Keywords: Frontal sinus, fractures, management, review


How to cite this article:
Kanu OO, James O, Bankole OO, Adeyemo WL. Management of frontal sinus fractures: A review of the literature. Niger J Exp Clin Biosci 2013;1:3-9

How to cite this URL:
Kanu OO, James O, Bankole OO, Adeyemo WL. Management of frontal sinus fractures: A review of the literature. Niger J Exp Clin Biosci [serial online] 2013 [cited 2019 May 21];1:3-9. Available from: http://www.njecbonline.org/text.asp?2013/1/1/3/123939


  Introduction Top


Frontal sinus fractures (FSFs) account for 5-15% of all maxillofacial injuries and are associated with 32% of panfacial and maxillary injuries. [1],[2],[3] Rodriguez et al., [1] reported concomitant facial fractures in over 75% of patients with FSFs. FSFs usually result from high energy impact/high-velocity blunt force, and are usually associated with intracranial and bodily injuries. [1],[2] The integrity of the frontal bone contributes to the morphological appearance of the face. Therefore, fractures of the frontal bone and sinus require accurate assessment and adequate management in order to preserve and/or restore the esthetic facial appearance of the patient. [2] Although frequency of occurrence is relatively low, but FSFs have a large potential of complication and may involve not only the frontal sinuses but more importantly the brain and the eyes. Unlike most facial fractures, mismanagement of FSFs leads to devastating and potentially fatal complications. [4] In addition, complications of such fractures should be prevented if possible, and if not, complications should be identified early and be given the adequate treatment to avoid grave neurological consequences. [1] Morbidity and mortality associated with these fractures are often dependent on the anatomic characteristics of the fracture, concomitant injuries, treatments rendered, age and gender of patients, and mechanism of injury. [1],[3],[5]

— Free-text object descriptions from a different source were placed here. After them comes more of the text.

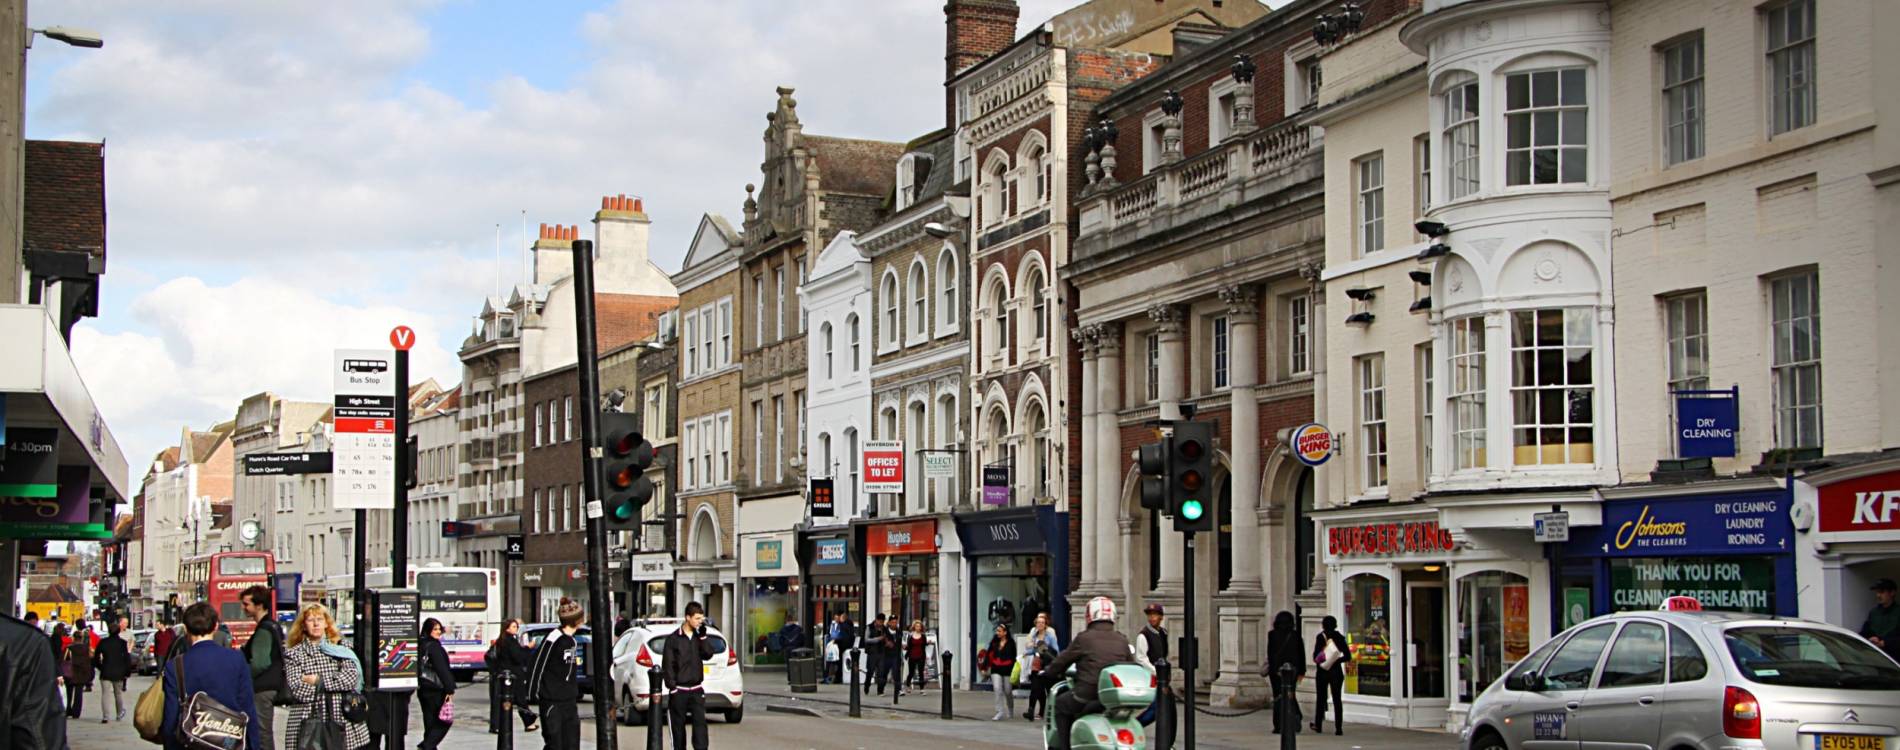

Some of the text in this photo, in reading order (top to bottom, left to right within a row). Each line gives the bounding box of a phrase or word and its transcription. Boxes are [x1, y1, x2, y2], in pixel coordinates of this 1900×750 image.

[395, 328, 410, 346] V
[350, 376, 381, 385] Bus Stop
[349, 398, 380, 406] High Street
[1696, 418, 1716, 428] DRY
[1299, 432, 1330, 444] BURGER
[1682, 428, 1732, 439] CLEANING
[10, 441, 53, 454] 4.30pm
[1299, 440, 1331, 455] KING
[867, 457, 899, 467] OFFICES
[926, 456, 952, 465] SELECT
[264, 466, 285, 474] Quarter
[871, 467, 896, 477] TO LET
[1715, 501, 1777, 515] DRY CLEANING
[1851, 489, 1900, 524] KF
[1615, 505, 1687, 550] Johnsons
[1726, 518, 1765, 530] LAUNDRY
[990, 523, 1020, 541] MOSS
[1328, 520, 1455, 556] BURGER KING
[887, 530, 911, 547] Hughes
[1637, 537, 1687, 547] THE CLEANERS
[1727, 533, 1766, 546] IRONING
[821, 544, 844, 560] GREGGS
[1635, 563, 1742, 582] THANK YOU FOR
[440, 601, 455, 609] First
[1673, 600, 1699, 611] TAXI
[191, 711, 243, 737] Yankees
[1535, 713, 1560, 723] SWAN
[1823, 735, 1881, 750] EY05 UAE

The management of FSFs presents a unique and challenging problem for the plastic surgeons, neurosurgeons and maxillofacial surgeons. [3] Management protocols have changed greatly over time since initial descriptions of this injury, with many surgeons presenting their management algorithms based on their experience. [1],[6],[7] Surgical management of FSFs and the modalities as well as treatment algorithms are still controversial. [1],[3],[5] The major objectives of treatment are the prevention of intracranial infection and the restoration of facial contour. [8] Management of FSFs is accomplished by following four basic principles: Reestablishment of the frontal bony contour to its premorbid state, restoration of normal sinus mucosa with a patent drainage system if possible, eradication of the sinus cavity if the normal mucosa or drainage system cannot be reestablished, and creation of a permanent barrier between the intracranial and extracranial systems to prevent overwhelming infectious complications. [8] Because of the location of the frontal sinus and its proximity to numerous intracranial structures, inadequate treatment may lead to life-threatening intracranial infectious complications.

The aim of this paper is to conduct a literature review on the clinical anatomy of the frontal sinus as it relates to its implication in FSFs, as well as review the contemporary opinions on the management of these fractures.


  Materials and Methods Top


A computerized literature search of PubMed and Medline was conducted for publications on the clinical anatomy and management of FSFs. Search phrases were "frontal sinus" combined with "management", "treatment", and "anatomy". The Boolean operator 'AND' was used to narrow the searches. The computerized literature search spanned a period between 1976 and 2013. A total of 44 relevant articles were included in the review. All the articles were descriptive and comparative in nature, and were either prospective, retrospective, or cross-sectional in design.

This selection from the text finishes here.